- **Exercise details**
Once the images are set aside, return every entry exactly.

- **Given records**
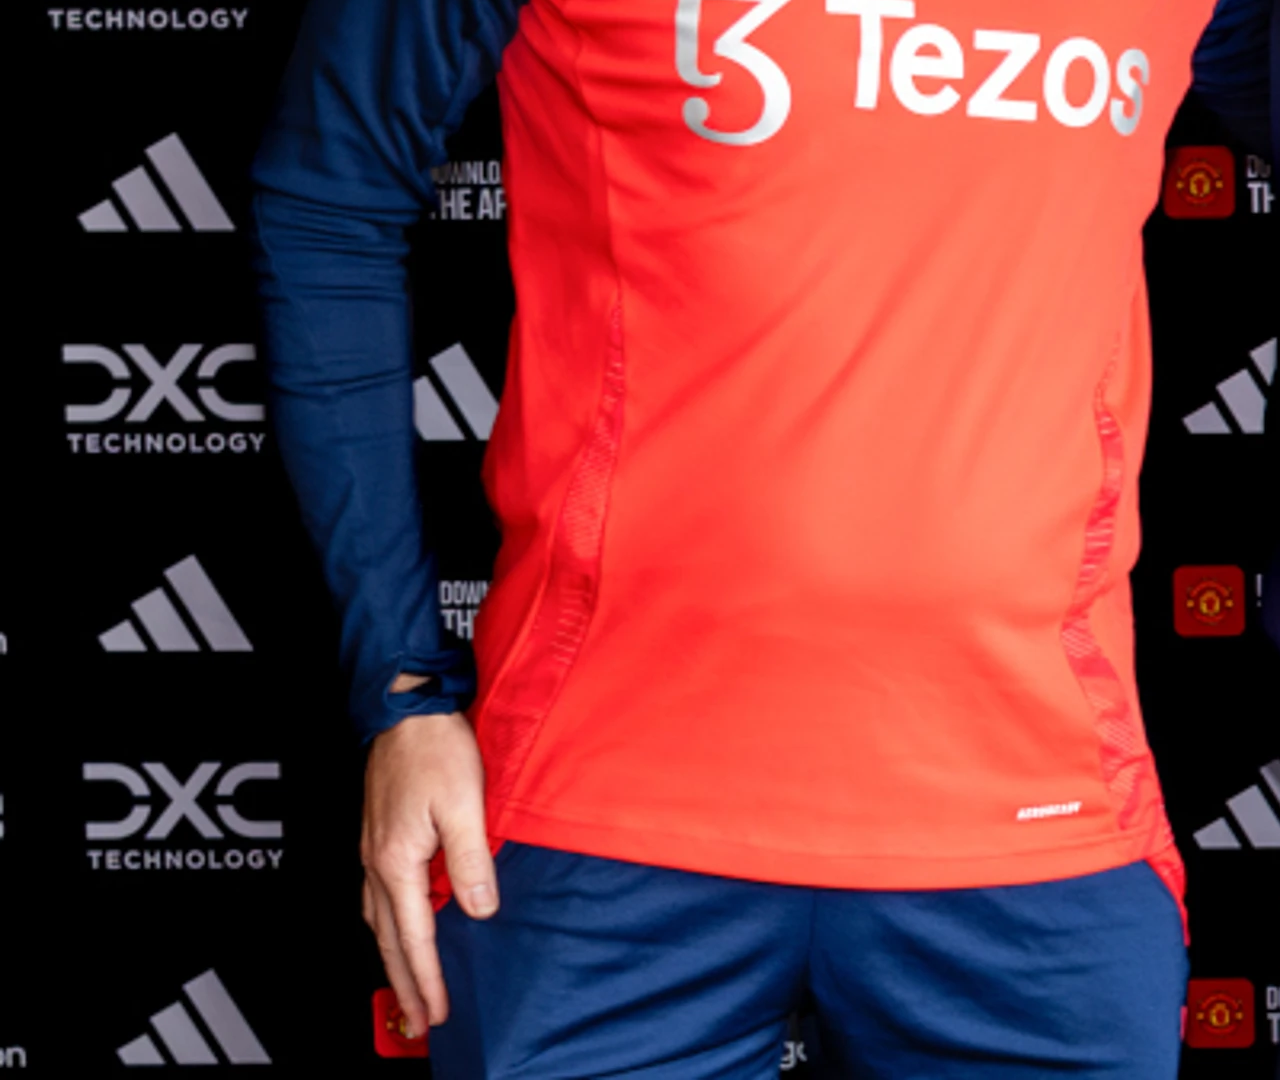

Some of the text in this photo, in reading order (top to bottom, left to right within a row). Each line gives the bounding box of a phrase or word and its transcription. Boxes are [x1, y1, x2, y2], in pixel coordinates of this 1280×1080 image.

[48, 9, 247, 29] TECHNOLOGY
[63, 344, 263, 422] DXC
[67, 433, 263, 453] TECHNOLOGY
[83, 763, 282, 840] DXC
[87, 849, 282, 869] TECHNOLOGY
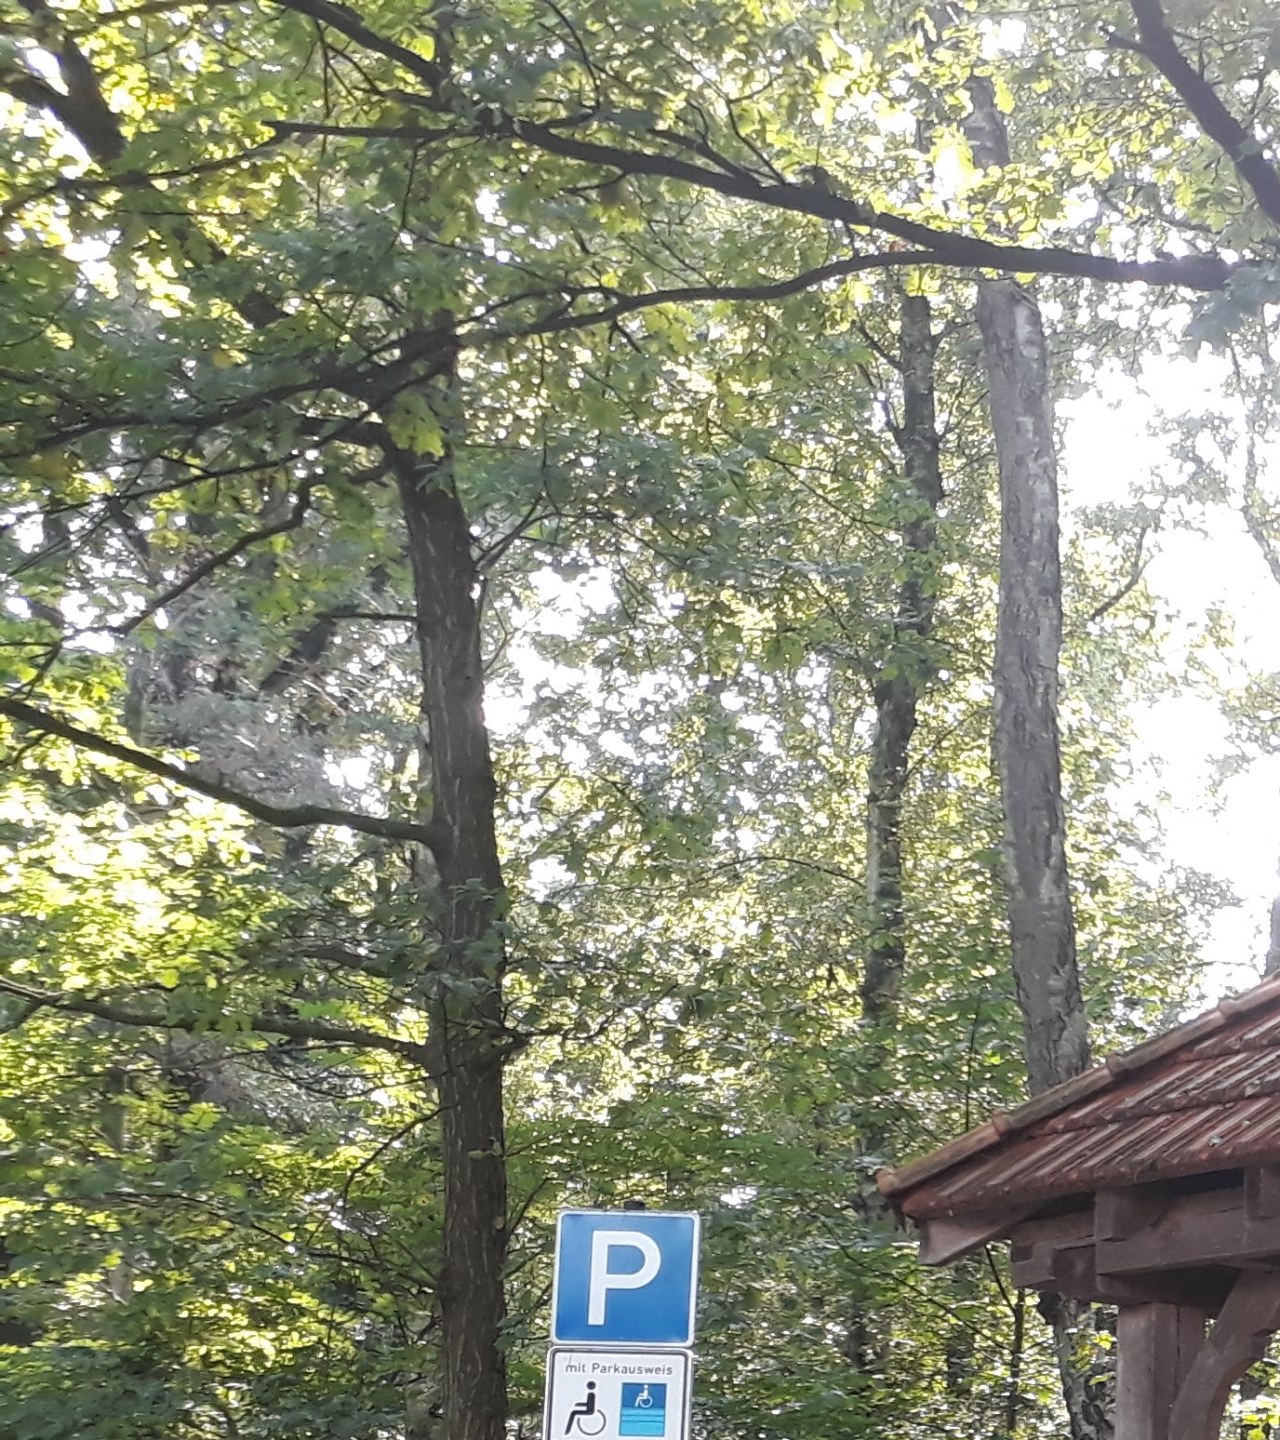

- **Answer area**
Some of the text in this photo, in reading order (top to bottom, left to right within a row). Each line gives the bounding box of a phrase or word and its transcription. Boxes are [x1, y1, x2, y2], in pixel coordinates of this 1280×1080 image.

[48, 9, 247, 29] TECHNOLOGY
[63, 344, 263, 422] DXC
[67, 433, 263, 453] TECHNOLOGY
[83, 763, 282, 840] DXC
[87, 849, 282, 869] TECHNOLOGY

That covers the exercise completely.